Saturday, February 22, 2014

Gannett Newspapers v. Raritan Borough - A Huge Win For Transparency

For advocates of transparency and open government  there was a recent decision requiring  Somerset County municipality Raritan Borough, to reimburse over a half million dollars in legal fees to Gannett Newspapers, which filed suit to obtain documents in an electronic format that facilitates analysis. Gannett balked at the $1100 fee they were to be charged by the borough to provide the documents because the cost would have been a "road block" for the average citizen to afford. There was an article in the Asbury Park Press on 2/6/14 that announced the results of the case:

RARITAN — A court-appointed fact finder has recommended that a judge order this Somerset County municipality to pay the Gannett New Jersey media company a record-breaking $542,000 in legal fees as a result of a public records lawsuit.
The precedent-setting case, which the company won in August 2012, determined that the public is entitled to obtain public records in electronic formats that can be easily analyzed, as opposed to PDF formats or paper printouts.
Gannett first filed the lawsuit in 2009 after the company’s newspapers — the Asbury Park Press, Courier News, Daily Record, Home News Tribune, Courier Post and The Daily Record — sought county and municipal payroll records in an electronic, non-PDF format.
The case since has dragged on largely because the borough repeatedly filed new motions, all unsuccessful, challenging parts of state Superior Court Judge Yolanda Ciccone’s rulings.
Ciccone appointed a special master in April to determine how much Gannett was entitled to receive in legal fees. The state’s Open Public Records Act allows plaintiffs to seek reimbursement of legal fees as a way to give the public-access law some teeth. Before the 2002 law, plaintiffs only were entitled to a $500 reward.
Agreeing that the case served a matter of important public interest, special master Thomas Quinn of the Florham Park firm of Wilson, Elser, Moskowitz, Edelman & Dicker said “Gannett was (and is) trying to establish legal precedent that it can use for years to come.”
“While perhaps the Legislature did not envision litigation such as this and the amount of legal fees that the (special master) recommends, the issue in this case is one of public importance and Gannett is the prevailing party,” Quinn said in a recommendation submitted Tuesday. “It has furthered OPRA’s goals of access to the government and its information.”
Public records activists have called the 2012 ruling a victory for the public’s right to know. Concern for the public’s ability to affordably access public records in useful formats drove Gannett’s decision to pursue the litigation...  Read More
Like many other towns, Middletown is fond of providing PDF documents in response to records requests, even when a document was created using a different format. With a PDF file you can't check formulas, work with the data, or sort and search. Analysis of a large PDF file is cumbersome, if not impossible, and requires a whole lot of  work and technical skill. State law, which now has some teeth thanks to Gannett's suit, requires a public entity to provide data in a usable electronic format if it is requested and the file format is readily available.

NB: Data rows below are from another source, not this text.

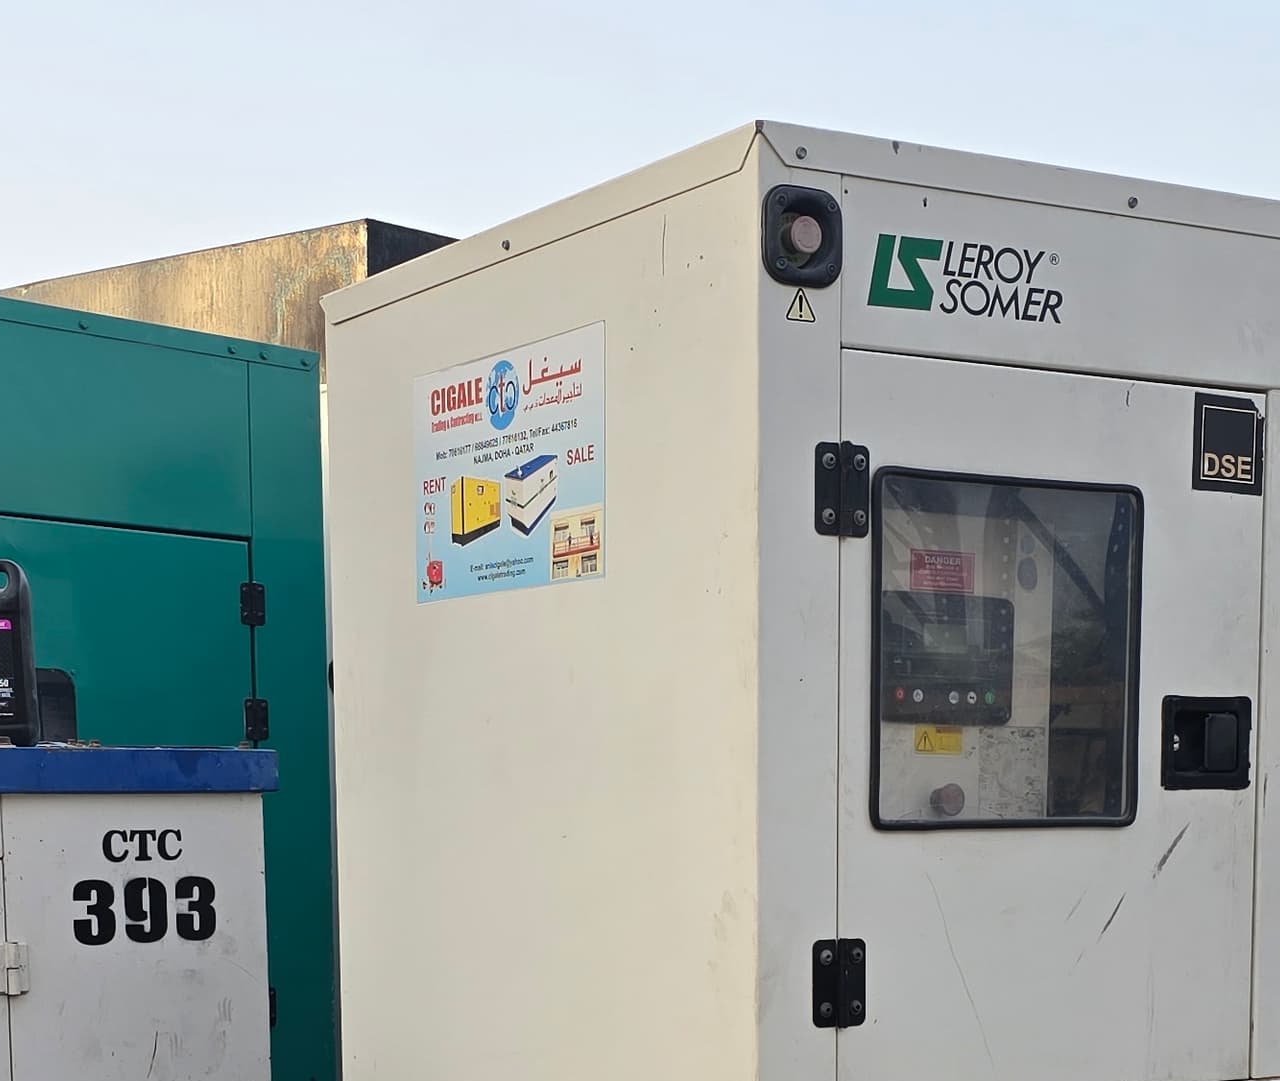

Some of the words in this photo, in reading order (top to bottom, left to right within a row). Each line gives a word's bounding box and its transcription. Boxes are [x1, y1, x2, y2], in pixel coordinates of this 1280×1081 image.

[942, 240, 1046, 284] LEROY
[939, 278, 1064, 324] SOMER
[431, 377, 483, 416] CIGALE
[514, 443, 535, 456] QATAR
[566, 444, 595, 466] SALE
[1202, 452, 1253, 480] DSE
[423, 476, 447, 496] RENT
[102, 829, 183, 862] CTC
[72, 876, 217, 946] 393

This is a huge win for transparency that empowers citizen watchdogs!


2 comments:

Anonymous said...

Maybe the Middletown TC will heed the warning of this decision. The taxpayers here do not have to subsidize the town lawyer's salary with unwarranted legal expenses.

About time he made decisions in favor of the taxpayers and residents and not the politicians.

Linda Baum said...

This means that if a budget is created in Excel, you should be able to get the Excel spreadsheet. And if a report system can produce an Excel spreadsheet, you have a right to receive it. Nor does it matter if the system is one maintained by an offsite administrator or by the township. Housing records offsite is not grounds to deny them.